J’en peux plus. Trop d’émotions. Il faut que je me couche un moment. Le lit est de l’autre côté de la cloison fumée. Celle-ci est fermée. Il doit y avoir une de ces portes invisibles. Mais où? J’essaie la même technique que pour les autres portes: je m’approche de la cloison. Rien ne se passe. Je répète l’expérience tout le long des cinq mètres de la cloison. Toujours rien. Il doit bien y avoir un moyen d’ouvrir, mais lequel? Bientôt, je suis dans le même état d’abattement que lorsque je suis bloqué dans un jeu d’aventure sur ordinateur. Ca m’énerve! J’explose:

– Et merde! Comment on fait pour ouvrir cette putain de porte?

Comme dans la boutique, une voix me répond:

– Il suffit de demander.

Simultanément, la cloison se rétracte en direction de la fenêtre. Lorsque la moitié de la cloison a disparu, la voix reprend:

– Faut-il ouvrir complètement?

– Euh… Oui, oui. En fait, c’est égal. Mais… qui est-ce qui me parle?

– Personne. C’est l’appartement qui s’adresse à toi. Si tu veux quelque chose, formule ta demande et l’appartement essayera de te satisfaire.

– Tout ce que je veux, c’est dormir, dormir, dormir. Serait-il possible d’assombrir l’appartement?

Dehors, le soleil accélère soudain sa course. En moins de dix secondes, le voilà couché. Quelques secondes de plus et il fait nuit. De l’autre côté du vallon, brillent les lumières de quelques villages.

Il y a bien sûr quelque chose de bizarre dans cette nuit qui est tombée si brusquement, mais trop c’est trop, je renonce à comprendre cette nouvelle magie. Je m’effondre sur le lit. Je ralentis ma respiration. Je me détends. Une grande paix intérieure me gagne.

A la limite entre la conscience et le monde des rêves, s’éveillent les fantômes des heures passées. Dans le désordre, ils viennent danser devant mon esprit. Après avoir effectué quelques pirouettes, tels des feuilles mortes, ils se laissent tomber dans des petites boîtes bien rangées, qui, avec le temps, se transformeront en souvenirs.

Il y a Maïté la bonobo, une peau de banane sur la tête et qui me demande: – Alors, on est dans la Lune?

Il y a aussi Marlok, dansant les claquettes et chantant les louanges du prophète Armstrong. Il est accompagné de Floanne faisant la roue et répétant à qui veut l’entendre: – Les zérogés sont des gens bizarres, ils ne savent pas marcher.

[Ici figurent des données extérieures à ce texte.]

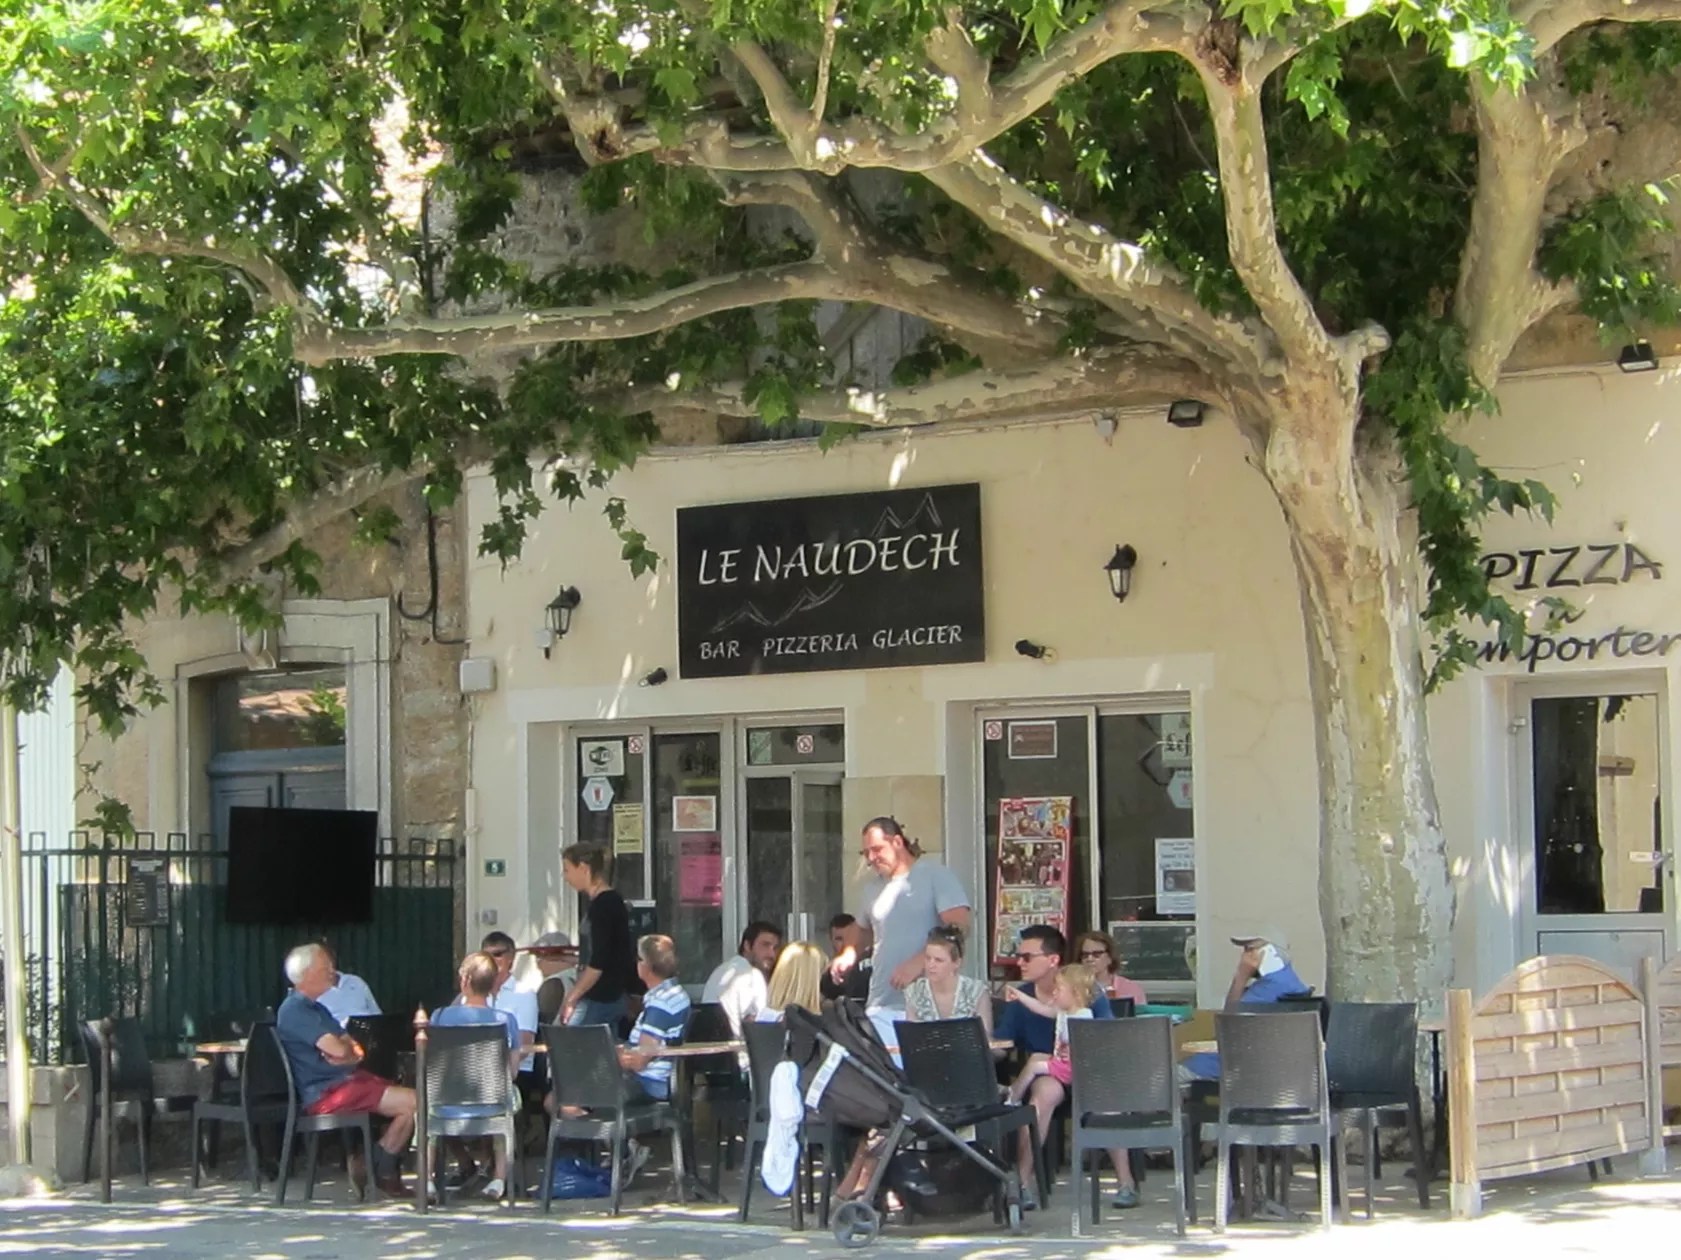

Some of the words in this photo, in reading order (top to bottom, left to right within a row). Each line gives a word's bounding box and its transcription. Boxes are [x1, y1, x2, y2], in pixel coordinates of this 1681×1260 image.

Puis c’est le tour de deux techniciens en blouse blanche qui, penchés sur moi, m’ordonnent: – Compte jusqu’à dix et l’an 2000 sera passé.

Et aussi mon chef habillé en rocker, criant dans un micro: – COBOL tu sais, COBOL tu déboguera!

Mes collègues de bureau reprenant en coeur: – COBOL tu sais, COBOL tu déboguera!

Finalement, une farandole serpente dans le champ de ma pensée. Je reconnais là tous mes amis, mes proches, mes frères et soeurs, mes enfants, toute ma famille. Ils me tendent un doigt accusateur: – Pourquoi nous as-tu abandonnés?

– NOOOONNNNNNN! C’est pas vrai. J’ai pas pu faire ça?

Hélas! Je prends enfin conscience de la pire des vérités: tous ceux que j’aimais sont morts. Morts depuis près de cinq cents ans, par ma faute. Tel un apprenti sorcier, par une formule mal comprise, j’ai envoyé le monde entier dans un univers parallèle, sans espoir de retour.

Bien sûr, ce raisonnement est absurde. C’est moi qui suis parti. Le monde a tranquillement continué de tourner sans moi. Mais voilà, la raison ne fait pas bon ménage avec l’esprit humain. La culpabilité, la honte et le désespoir d’avoir détruit mon univers me transpercent le coeur.

Je pleure. Je pleure jusqu’à ce qu’une alarme, quelque part dans mon cerveau, décrète que, le réservoir de chagrin étant vide, il faut le laisser se remplir à nouveau. J’en profite pour dormir un peu. Dès que le réservoir est plein, je me remets à pleurer, jusqu’à la prochaine alarme.

Enfin, les larmes ont achevé leur travail: elles ont noyé la douleur. La vie va pouvoir reprendre le dessus.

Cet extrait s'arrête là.